Toujours dans le chapitre III de Passions et raison aujourd’hui, après l’étude des liens entre la raison et la vertu, un développement est consacré aux principaux moyens d’agir sur les passions.

Un premier moyen d’agir sur les passions consiste à limiter leurs excès en les opposant les unes aux autres. Descartes, qui a connu la vie militaire, décrit le combat entre la peur et l’ambition de vaincre. Spinoza, de son côté, exprime une sorte de foi dans la puissance de l’amour capable de désarmer la haine, sans faire preuve de naïveté, car il accepte aussi l’idée que la crainte ressentie par les orgueilleux est utile comme affect modérateur.

Deuxième moyen d’agir sur les passions et d’en faire bon usage : l’exercice et l’habitude. L’habitude a un double visage : elle fait courir un risque de sclérose en devenant routine, mais elle peut aussi devenir une bonne accoutumance qui transforme la nature des chiens qu’on dresse (exemple utilisé par Descartes), ou qui transforme la nature des humains trouvant dans leur passion l’énergie de répéter pour les perfectionner des gestes sportifs ou la récitation d’un texte, ou encore  un morceau de musique à jouer le mieux possible. Spinoza, quant à lui, face aux offenses, aux dangers, aux vices, recommande de se répéter toujours les réponses de la force d’âme, vaillance et générosité…

Troisième moyen d’agir sur les passions, l’institution d’un régime politique adéquat. Il s’agit par exemple d’établir un régime qui contrebalance les passions des uns par les passions des autres, et qui évite de donner libre cours aux excès passionnels d’un seul ou d’un petit nombre de privilégiés.
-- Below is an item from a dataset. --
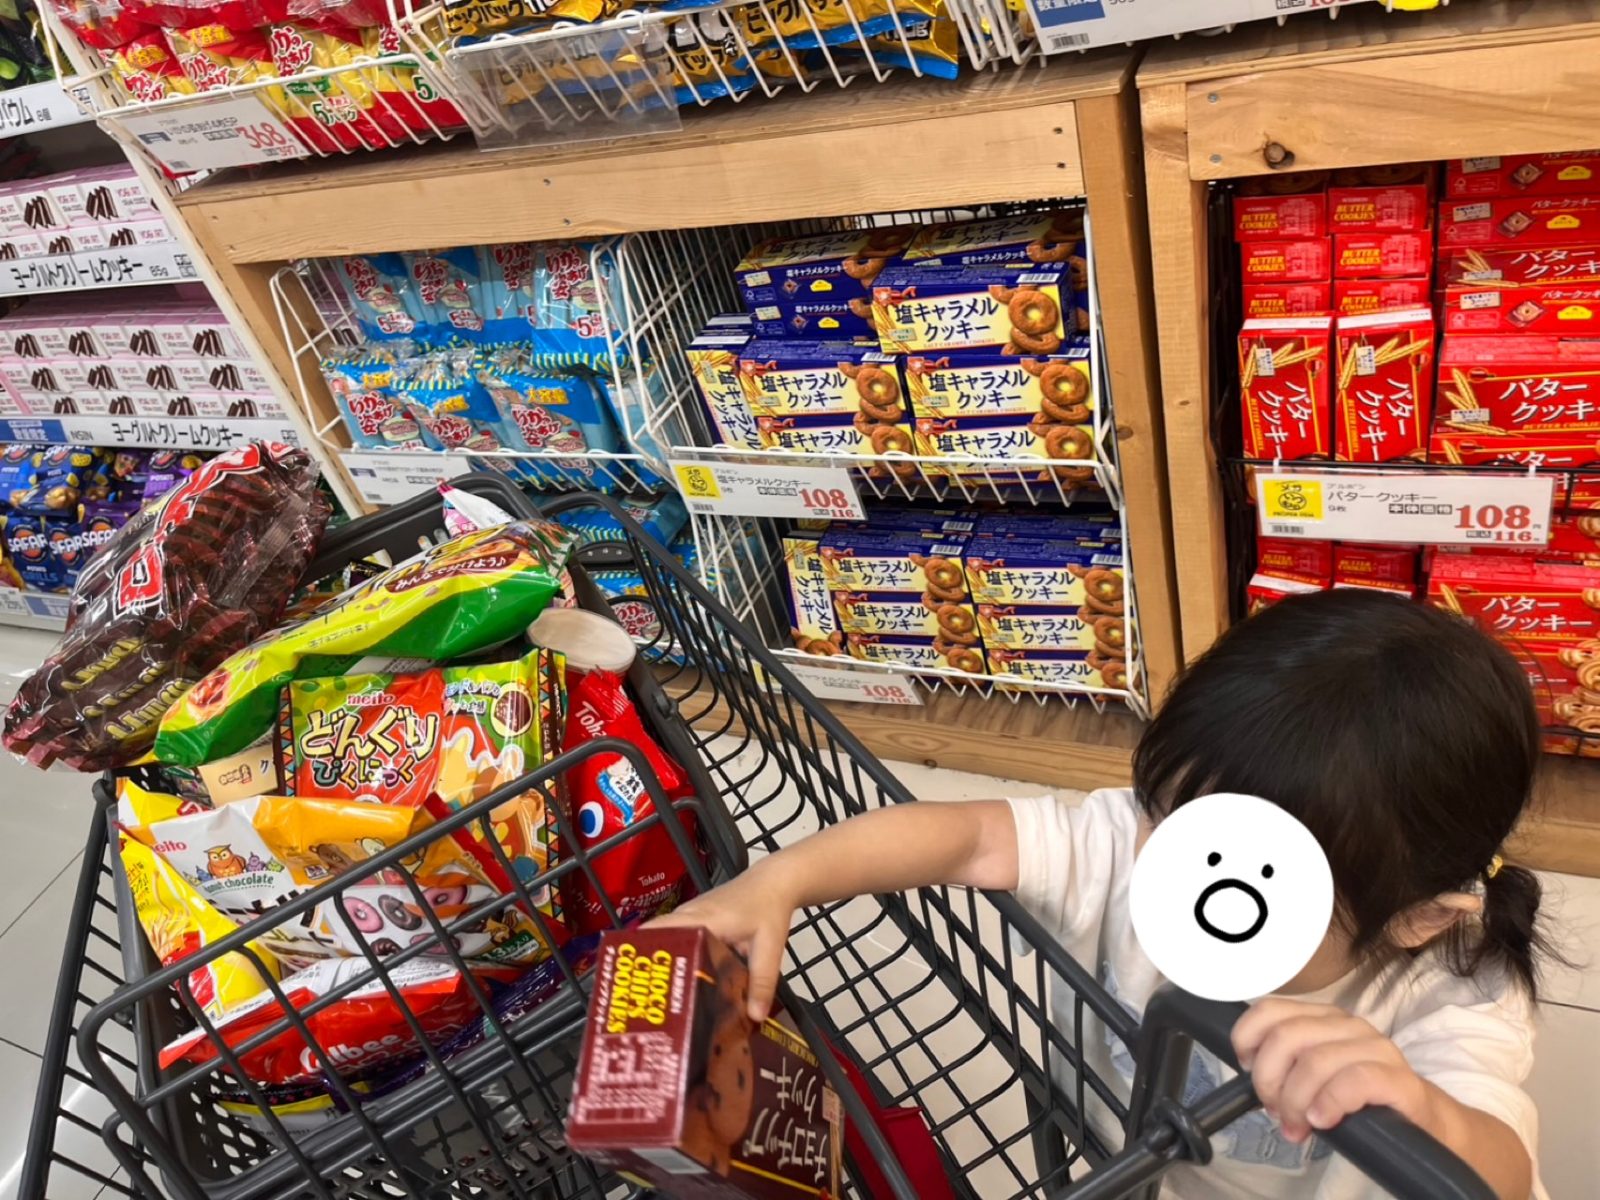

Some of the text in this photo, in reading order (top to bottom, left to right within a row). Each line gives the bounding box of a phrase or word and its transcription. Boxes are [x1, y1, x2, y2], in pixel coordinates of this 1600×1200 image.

Quatrième moyen d’agir de manière bénéfique sur les passions, la volonté pratique alliée à la connaissance. Il convient d’abord de distinguer le désir qui est passion et la volonté qui est action. Il faut dire aussi qu’on peut désirer sans volonté, mais qu’on ne peut vouloir sans désir. Ensuite, ce que j’appelle la volonté pratique est différente de la volonté pure qui consiste à dire « je le veux » et à attendre l’autoréalisation de cette parole. La volonté pratique n’est pas une volonté « performative » qui serait obéie par le seul fait d’être énoncée, elle s’appuie sur les efforts répétés de l’exercice et de l’habitude ; elle met en œuvre ce que Descartes dénomme la préméditation, c’est-à-dire l’anticipation ; elle est capable de ménager un temps de réflexion quand la passion se fait pressante. La question de la volonté comme moyen d’agir sur les passions oppose Descartes et Spinoza. Mais le second, sans trop le reconnaître, tend à rejoindre le premier au niveau de la volonté pratique.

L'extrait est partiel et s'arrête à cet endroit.